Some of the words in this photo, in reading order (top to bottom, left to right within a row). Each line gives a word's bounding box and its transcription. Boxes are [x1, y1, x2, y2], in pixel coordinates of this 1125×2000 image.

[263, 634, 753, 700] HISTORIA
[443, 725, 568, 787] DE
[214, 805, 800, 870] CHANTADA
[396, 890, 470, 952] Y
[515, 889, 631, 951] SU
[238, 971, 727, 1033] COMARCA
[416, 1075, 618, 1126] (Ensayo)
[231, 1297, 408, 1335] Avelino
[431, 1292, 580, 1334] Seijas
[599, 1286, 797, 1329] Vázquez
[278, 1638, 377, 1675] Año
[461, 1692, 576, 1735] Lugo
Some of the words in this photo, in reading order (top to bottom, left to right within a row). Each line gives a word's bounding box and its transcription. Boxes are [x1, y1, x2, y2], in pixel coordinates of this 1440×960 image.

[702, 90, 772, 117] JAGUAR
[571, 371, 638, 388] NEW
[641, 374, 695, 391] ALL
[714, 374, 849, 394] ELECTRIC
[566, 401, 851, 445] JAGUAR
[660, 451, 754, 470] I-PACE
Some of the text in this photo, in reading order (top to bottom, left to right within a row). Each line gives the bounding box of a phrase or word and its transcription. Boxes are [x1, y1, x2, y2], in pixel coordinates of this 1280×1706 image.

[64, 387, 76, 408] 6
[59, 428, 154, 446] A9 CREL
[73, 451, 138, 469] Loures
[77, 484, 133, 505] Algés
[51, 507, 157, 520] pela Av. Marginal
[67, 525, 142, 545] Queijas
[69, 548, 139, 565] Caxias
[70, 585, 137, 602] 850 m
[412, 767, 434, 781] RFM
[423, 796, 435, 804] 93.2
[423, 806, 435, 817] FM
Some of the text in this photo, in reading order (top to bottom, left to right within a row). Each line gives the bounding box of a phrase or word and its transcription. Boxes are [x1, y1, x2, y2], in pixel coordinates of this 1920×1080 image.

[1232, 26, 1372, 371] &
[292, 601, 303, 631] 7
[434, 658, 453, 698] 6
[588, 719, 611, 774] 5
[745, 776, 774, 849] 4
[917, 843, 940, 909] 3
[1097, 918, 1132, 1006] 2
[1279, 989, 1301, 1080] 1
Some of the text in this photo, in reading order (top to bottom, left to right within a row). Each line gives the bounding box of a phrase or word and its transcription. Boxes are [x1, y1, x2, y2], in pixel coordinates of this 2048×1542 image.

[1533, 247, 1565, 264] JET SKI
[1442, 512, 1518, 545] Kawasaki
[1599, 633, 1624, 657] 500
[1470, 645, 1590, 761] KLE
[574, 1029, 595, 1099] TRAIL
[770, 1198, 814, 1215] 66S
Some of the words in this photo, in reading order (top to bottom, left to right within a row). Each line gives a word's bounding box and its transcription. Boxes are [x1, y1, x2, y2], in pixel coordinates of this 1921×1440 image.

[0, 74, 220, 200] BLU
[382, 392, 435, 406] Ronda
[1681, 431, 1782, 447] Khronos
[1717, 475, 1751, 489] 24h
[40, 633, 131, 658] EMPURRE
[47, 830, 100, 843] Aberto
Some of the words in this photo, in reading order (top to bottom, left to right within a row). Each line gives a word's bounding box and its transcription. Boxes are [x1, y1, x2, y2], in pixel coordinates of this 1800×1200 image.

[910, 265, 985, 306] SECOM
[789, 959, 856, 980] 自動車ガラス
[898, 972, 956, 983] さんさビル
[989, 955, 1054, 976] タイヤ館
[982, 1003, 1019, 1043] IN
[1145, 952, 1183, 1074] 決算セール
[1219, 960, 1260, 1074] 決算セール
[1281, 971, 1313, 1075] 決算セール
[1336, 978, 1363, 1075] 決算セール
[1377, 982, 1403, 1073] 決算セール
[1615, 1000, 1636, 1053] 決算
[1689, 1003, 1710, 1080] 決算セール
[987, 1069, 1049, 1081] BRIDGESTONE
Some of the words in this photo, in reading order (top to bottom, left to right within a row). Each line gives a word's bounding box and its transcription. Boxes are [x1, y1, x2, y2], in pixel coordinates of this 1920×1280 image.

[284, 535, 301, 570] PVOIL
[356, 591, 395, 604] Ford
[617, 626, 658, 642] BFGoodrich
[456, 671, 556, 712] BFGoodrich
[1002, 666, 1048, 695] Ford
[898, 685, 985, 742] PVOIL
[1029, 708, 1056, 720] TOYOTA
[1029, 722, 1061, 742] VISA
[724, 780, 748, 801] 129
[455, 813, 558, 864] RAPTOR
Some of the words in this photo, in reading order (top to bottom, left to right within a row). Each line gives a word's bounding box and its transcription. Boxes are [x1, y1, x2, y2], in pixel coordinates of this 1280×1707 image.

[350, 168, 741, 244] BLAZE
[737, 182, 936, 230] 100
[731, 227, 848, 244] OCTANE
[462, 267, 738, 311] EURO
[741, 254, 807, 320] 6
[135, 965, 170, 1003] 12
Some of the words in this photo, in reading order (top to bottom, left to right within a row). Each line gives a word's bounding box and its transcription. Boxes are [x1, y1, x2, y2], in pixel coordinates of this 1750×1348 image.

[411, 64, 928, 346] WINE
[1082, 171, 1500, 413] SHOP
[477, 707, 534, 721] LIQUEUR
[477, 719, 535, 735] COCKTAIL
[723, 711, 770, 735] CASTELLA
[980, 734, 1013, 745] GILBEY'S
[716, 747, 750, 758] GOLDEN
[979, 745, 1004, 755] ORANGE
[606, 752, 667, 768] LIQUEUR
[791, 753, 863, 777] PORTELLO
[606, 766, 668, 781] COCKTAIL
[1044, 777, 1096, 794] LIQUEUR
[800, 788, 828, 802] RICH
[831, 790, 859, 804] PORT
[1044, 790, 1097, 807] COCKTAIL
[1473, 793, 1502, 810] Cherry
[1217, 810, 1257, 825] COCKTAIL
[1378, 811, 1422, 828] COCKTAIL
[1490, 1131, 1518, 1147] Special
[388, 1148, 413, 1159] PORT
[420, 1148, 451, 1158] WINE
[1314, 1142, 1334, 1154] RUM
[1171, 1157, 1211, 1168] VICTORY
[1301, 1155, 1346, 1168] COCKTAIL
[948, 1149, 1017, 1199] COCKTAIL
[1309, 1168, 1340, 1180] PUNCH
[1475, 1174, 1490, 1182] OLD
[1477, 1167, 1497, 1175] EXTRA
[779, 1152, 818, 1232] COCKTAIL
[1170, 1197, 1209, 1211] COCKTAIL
-- -- --
Reproduce the records above in full and with exact wording.

Some of the words in this photo, in reading order (top to bottom, left to right within a row). Each line gives a word's bounding box and its transcription. Boxes are [x1, y1, x2, y2], in pixel coordinates of this 1125×2000 image.

[263, 634, 753, 700] HISTORIA
[443, 725, 568, 787] DE
[214, 805, 800, 870] CHANTADA
[396, 890, 470, 952] Y
[515, 889, 631, 951] SU
[238, 971, 727, 1033] COMARCA
[416, 1075, 618, 1126] (Ensayo)
[231, 1297, 408, 1335] Avelino
[431, 1292, 580, 1334] Seijas
[599, 1286, 797, 1329] Vázquez
[278, 1638, 377, 1675] Año
[461, 1692, 576, 1735] Lugo
Some of the words in this photo, in reading order (top to bottom, left to right within a row). Each line gives a word's bounding box and its transcription. Boxes are [x1, y1, x2, y2], in pixel coordinates of this 1440×960 image.

[702, 90, 772, 117] JAGUAR
[571, 371, 638, 388] NEW
[641, 374, 695, 391] ALL
[714, 374, 849, 394] ELECTRIC
[566, 401, 851, 445] JAGUAR
[660, 451, 754, 470] I-PACE
Some of the text in this photo, in reading order (top to bottom, left to right within a row). Each line gives the bounding box of a phrase or word and its transcription. Boxes are [x1, y1, x2, y2], in pixel coordinates of this 1280×1706 image.

[64, 387, 76, 408] 6
[59, 428, 154, 446] A9 CREL
[73, 451, 138, 469] Loures
[77, 484, 133, 505] Algés
[51, 507, 157, 520] pela Av. Marginal
[67, 525, 142, 545] Queijas
[69, 548, 139, 565] Caxias
[70, 585, 137, 602] 850 m
[412, 767, 434, 781] RFM
[423, 796, 435, 804] 93.2
[423, 806, 435, 817] FM
Some of the text in this photo, in reading order (top to bottom, left to right within a row). Each line gives the bounding box of a phrase or word and its transcription. Boxes are [x1, y1, x2, y2], in pixel coordinates of this 1920×1080 image.

[1232, 26, 1372, 371] &
[292, 601, 303, 631] 7
[434, 658, 453, 698] 6
[588, 719, 611, 774] 5
[745, 776, 774, 849] 4
[917, 843, 940, 909] 3
[1097, 918, 1132, 1006] 2
[1279, 989, 1301, 1080] 1
Some of the text in this photo, in reading order (top to bottom, left to right within a row). Each line gives the bounding box of a phrase or word and its transcription. Boxes are [x1, y1, x2, y2], in pixel coordinates of this 2048×1542 image.

[1533, 247, 1565, 264] JET SKI
[1442, 512, 1518, 545] Kawasaki
[1599, 633, 1624, 657] 500
[1470, 645, 1590, 761] KLE
[574, 1029, 595, 1099] TRAIL
[770, 1198, 814, 1215] 66S
Some of the words in this photo, in reading order (top to bottom, left to right within a row). Each line gives a word's bounding box and its transcription. Boxes are [x1, y1, x2, y2], in pixel coordinates of this 1921×1440 image.

[0, 74, 220, 200] BLU
[382, 392, 435, 406] Ronda
[1681, 431, 1782, 447] Khronos
[1717, 475, 1751, 489] 24h
[40, 633, 131, 658] EMPURRE
[47, 830, 100, 843] Aberto
Some of the words in this photo, in reading order (top to bottom, left to right within a row). Each line gives a word's bounding box and its transcription. Boxes are [x1, y1, x2, y2], in pixel coordinates of this 1800×1200 image.

[910, 265, 985, 306] SECOM
[789, 959, 856, 980] 自動車ガラス
[898, 972, 956, 983] さんさビル
[989, 955, 1054, 976] タイヤ館
[982, 1003, 1019, 1043] IN
[1145, 952, 1183, 1074] 決算セール
[1219, 960, 1260, 1074] 決算セール
[1281, 971, 1313, 1075] 決算セール
[1336, 978, 1363, 1075] 決算セール
[1377, 982, 1403, 1073] 決算セール
[1615, 1000, 1636, 1053] 決算
[1689, 1003, 1710, 1080] 決算セール
[987, 1069, 1049, 1081] BRIDGESTONE
Some of the words in this photo, in reading order (top to bottom, left to right within a row). Each line gives a word's bounding box and its transcription. Boxes are [x1, y1, x2, y2], in pixel coordinates of this 1920×1280 image.

[284, 535, 301, 570] PVOIL
[356, 591, 395, 604] Ford
[617, 626, 658, 642] BFGoodrich
[456, 671, 556, 712] BFGoodrich
[1002, 666, 1048, 695] Ford
[898, 685, 985, 742] PVOIL
[1029, 708, 1056, 720] TOYOTA
[1029, 722, 1061, 742] VISA
[724, 780, 748, 801] 129
[455, 813, 558, 864] RAPTOR
Some of the words in this photo, in reading order (top to bottom, left to right within a row). Each line gives a word's bounding box and its transcription. Boxes are [x1, y1, x2, y2], in pixel coordinates of this 1280×1707 image.

[350, 168, 741, 244] BLAZE
[737, 182, 936, 230] 100
[731, 227, 848, 244] OCTANE
[462, 267, 738, 311] EURO
[741, 254, 807, 320] 6
[135, 965, 170, 1003] 12
Some of the words in this photo, in reading order (top to bottom, left to right within a row). Each line gives a word's bounding box and its transcription. Boxes are [x1, y1, x2, y2], in pixel coordinates of this 1750×1348 image.

[411, 64, 928, 346] WINE
[1082, 171, 1500, 413] SHOP
[477, 707, 534, 721] LIQUEUR
[477, 719, 535, 735] COCKTAIL
[723, 711, 770, 735] CASTELLA
[980, 734, 1013, 745] GILBEY'S
[716, 747, 750, 758] GOLDEN
[979, 745, 1004, 755] ORANGE
[606, 752, 667, 768] LIQUEUR
[791, 753, 863, 777] PORTELLO
[606, 766, 668, 781] COCKTAIL
[1044, 777, 1096, 794] LIQUEUR
[800, 788, 828, 802] RICH
[831, 790, 859, 804] PORT
[1044, 790, 1097, 807] COCKTAIL
[1473, 793, 1502, 810] Cherry
[1217, 810, 1257, 825] COCKTAIL
[1378, 811, 1422, 828] COCKTAIL
[1490, 1131, 1518, 1147] Special
[388, 1148, 413, 1159] PORT
[420, 1148, 451, 1158] WINE
[1314, 1142, 1334, 1154] RUM
[1171, 1157, 1211, 1168] VICTORY
[1301, 1155, 1346, 1168] COCKTAIL
[948, 1149, 1017, 1199] COCKTAIL
[1309, 1168, 1340, 1180] PUNCH
[1475, 1174, 1490, 1182] OLD
[1477, 1167, 1497, 1175] EXTRA
[779, 1152, 818, 1232] COCKTAIL
[1170, 1197, 1209, 1211] COCKTAIL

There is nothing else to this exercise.